--- INFORMATION SHOWN ---

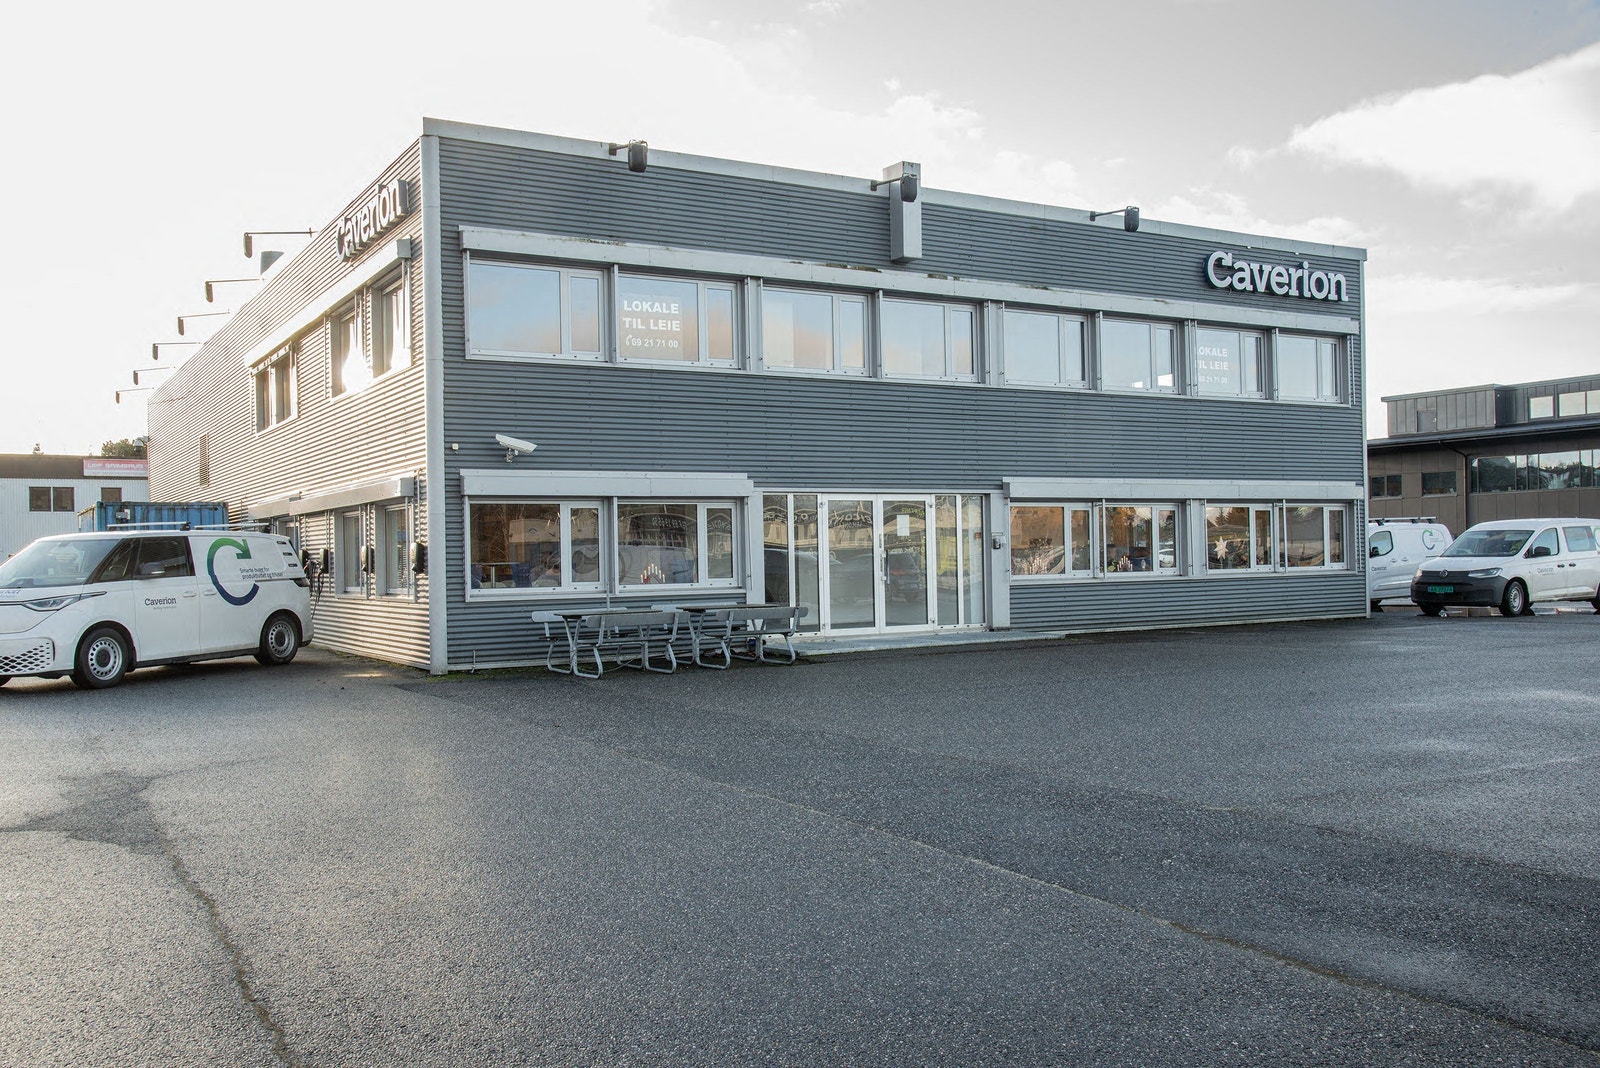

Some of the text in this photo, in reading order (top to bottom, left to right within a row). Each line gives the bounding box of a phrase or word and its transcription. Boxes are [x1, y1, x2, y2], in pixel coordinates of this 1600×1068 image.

[336, 179, 403, 262] Caverion
[1205, 251, 1349, 302] Caverion
[623, 300, 680, 314] LOKALE
[623, 317, 681, 331] TIL LEIE
[644, 338, 654, 347] 21
[656, 339, 666, 347] 71
[1198, 346, 1228, 357] OKALE
[1209, 360, 1229, 371] LEIE
[144, 596, 177, 606] Caverion
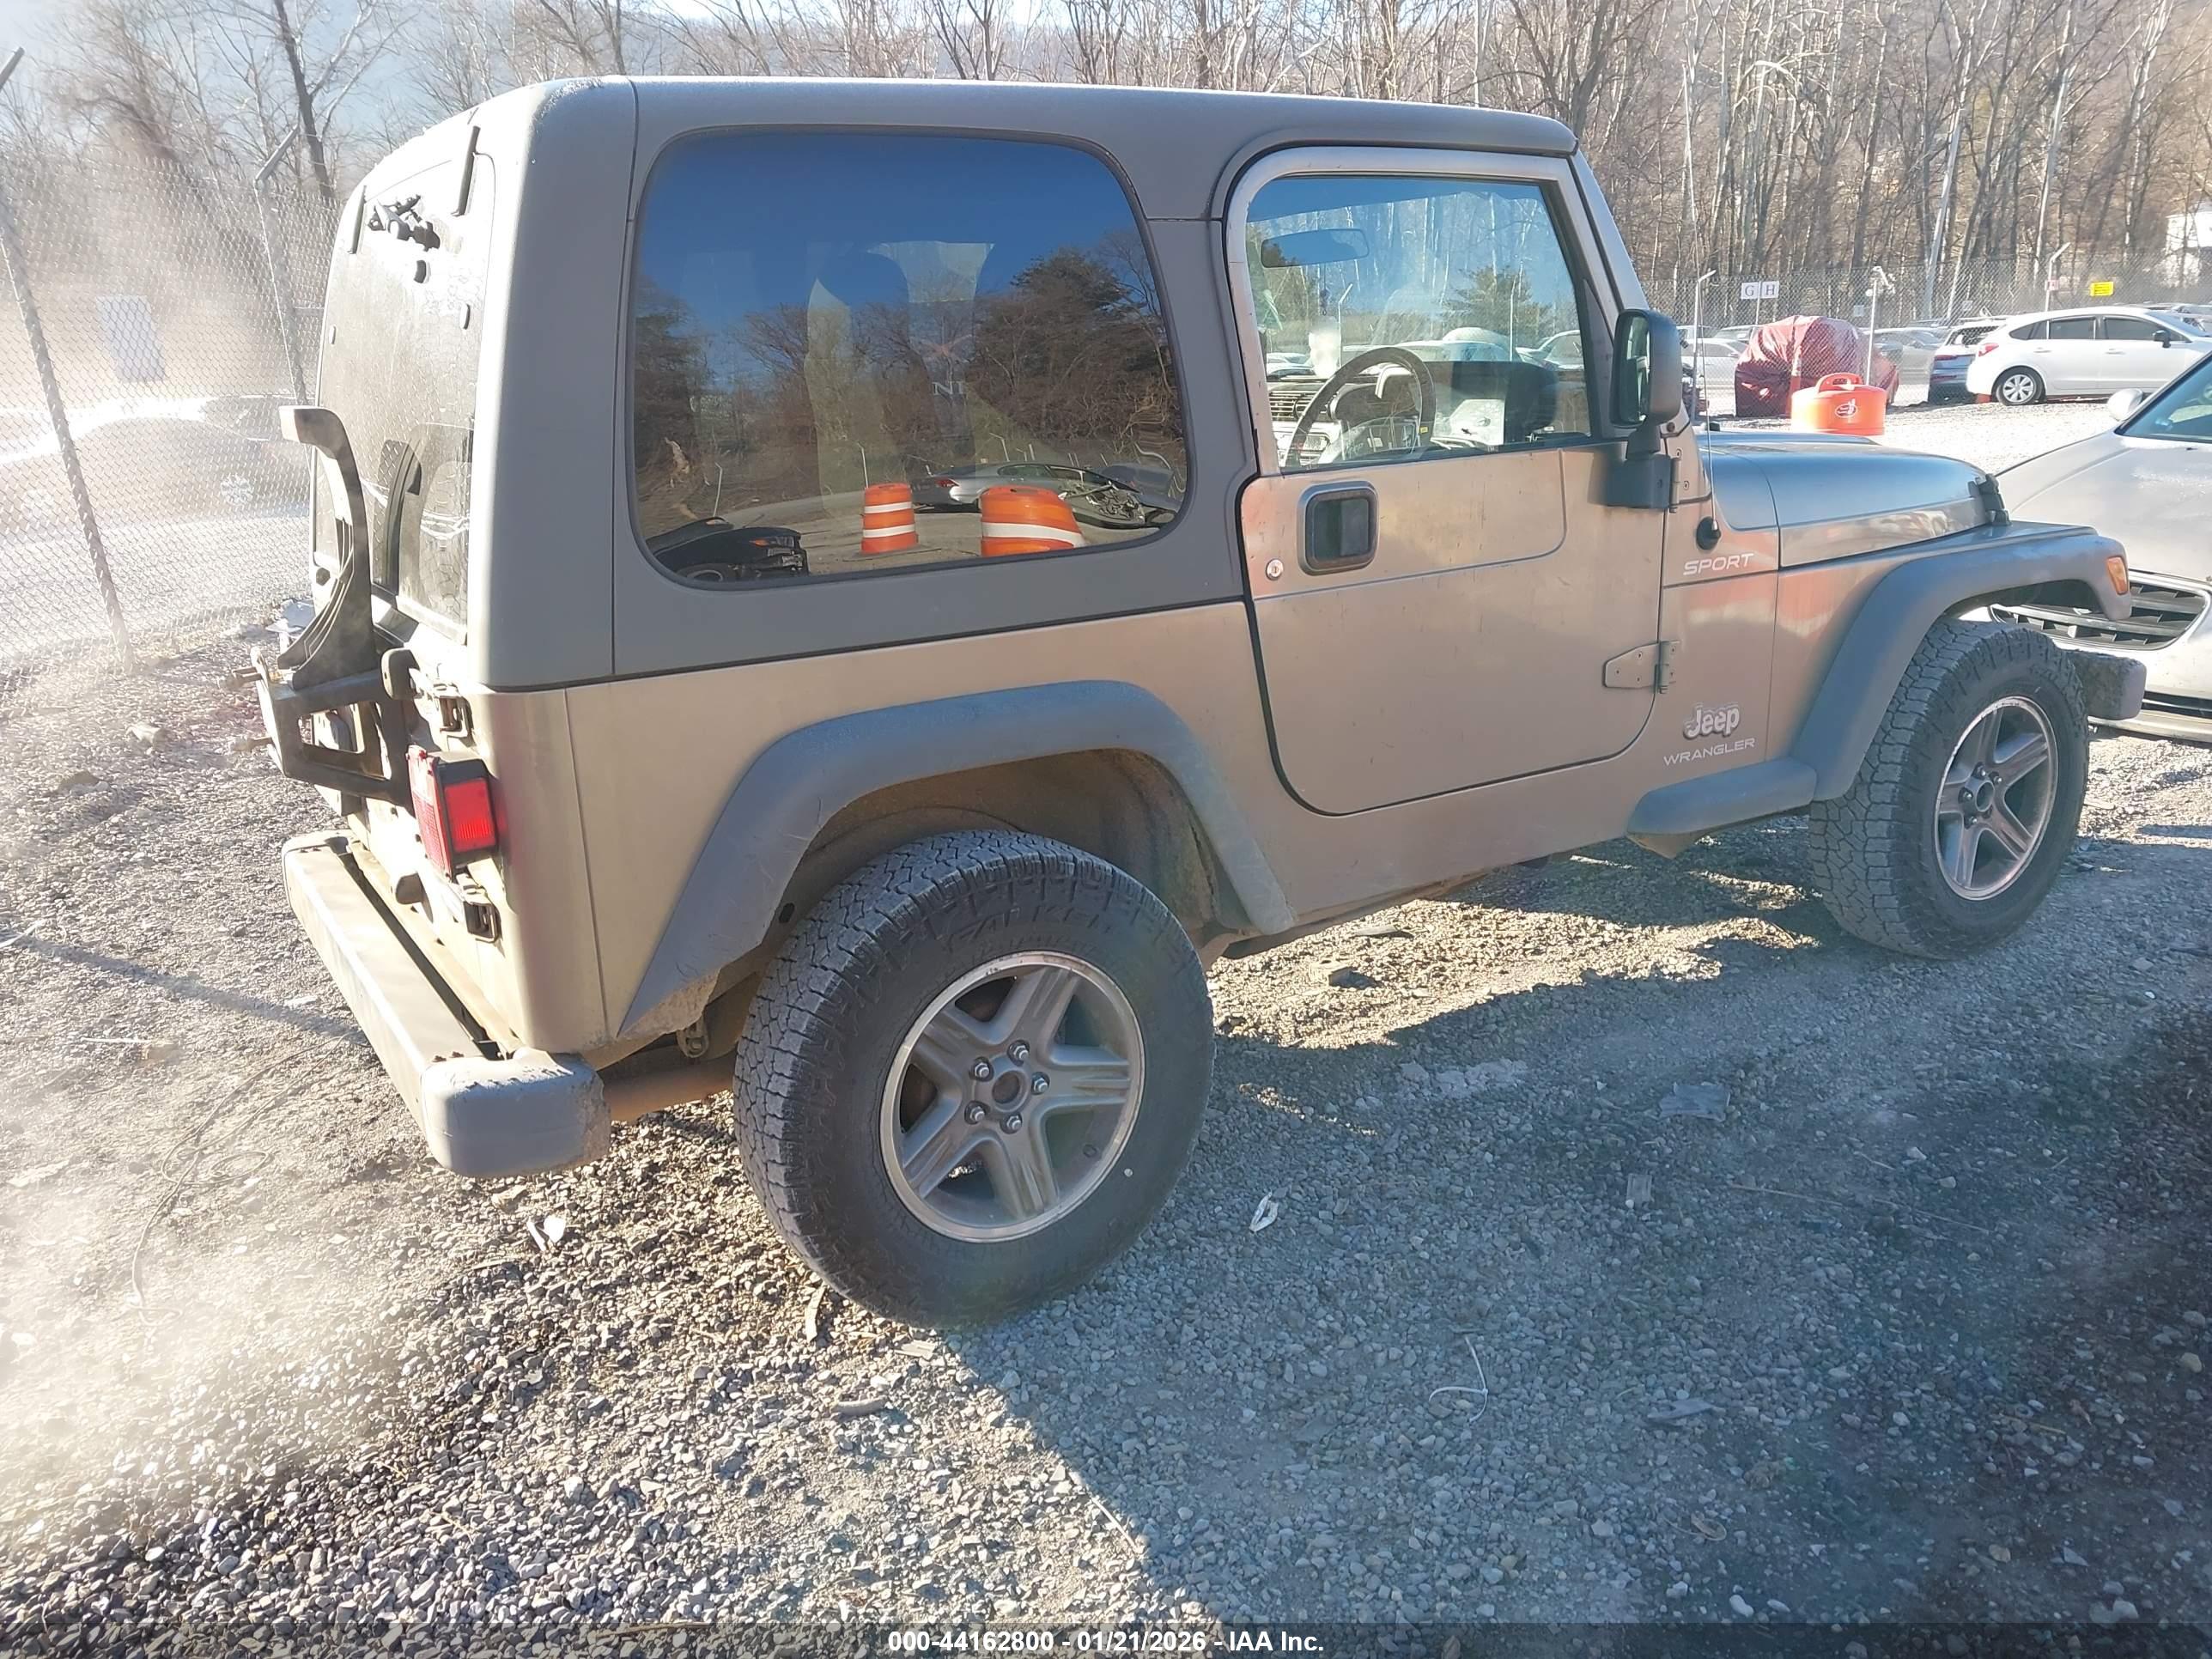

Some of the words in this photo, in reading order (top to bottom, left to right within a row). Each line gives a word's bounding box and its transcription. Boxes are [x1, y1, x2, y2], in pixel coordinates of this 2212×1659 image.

[1745, 285, 1755, 297] G
[1765, 284, 1776, 296] H
[1683, 552, 1753, 575] SPORT
[1683, 702, 1740, 738] Jeep
[1662, 738, 1755, 766] WRANGLER

--- WHAT TO PRODUCE ---
When repeating the listing, keep each line exact and exclude the pictures.

--- ANSWER SPACE ---
Some of the text in this photo, in reading order (top to bottom, left to right within a row). Each line gives the bounding box of a phrase or word and its transcription. Boxes are [x1, y1, x2, y2], in pixel coordinates of this 1600×1068 image.

[336, 179, 403, 262] Caverion
[1205, 251, 1349, 302] Caverion
[623, 300, 680, 314] LOKALE
[623, 317, 681, 331] TIL LEIE
[644, 338, 654, 347] 21
[656, 339, 666, 347] 71
[1198, 346, 1228, 357] OKALE
[1209, 360, 1229, 371] LEIE
[144, 596, 177, 606] Caverion

Some of the words in this photo, in reading order (top to bottom, left to right within a row). Each line gives a word's bounding box and its transcription. Boxes are [x1, y1, x2, y2], in pixel coordinates of this 2212×1659 image.

[1745, 285, 1755, 297] G
[1765, 284, 1776, 296] H
[1683, 552, 1753, 575] SPORT
[1683, 702, 1740, 738] Jeep
[1662, 738, 1755, 766] WRANGLER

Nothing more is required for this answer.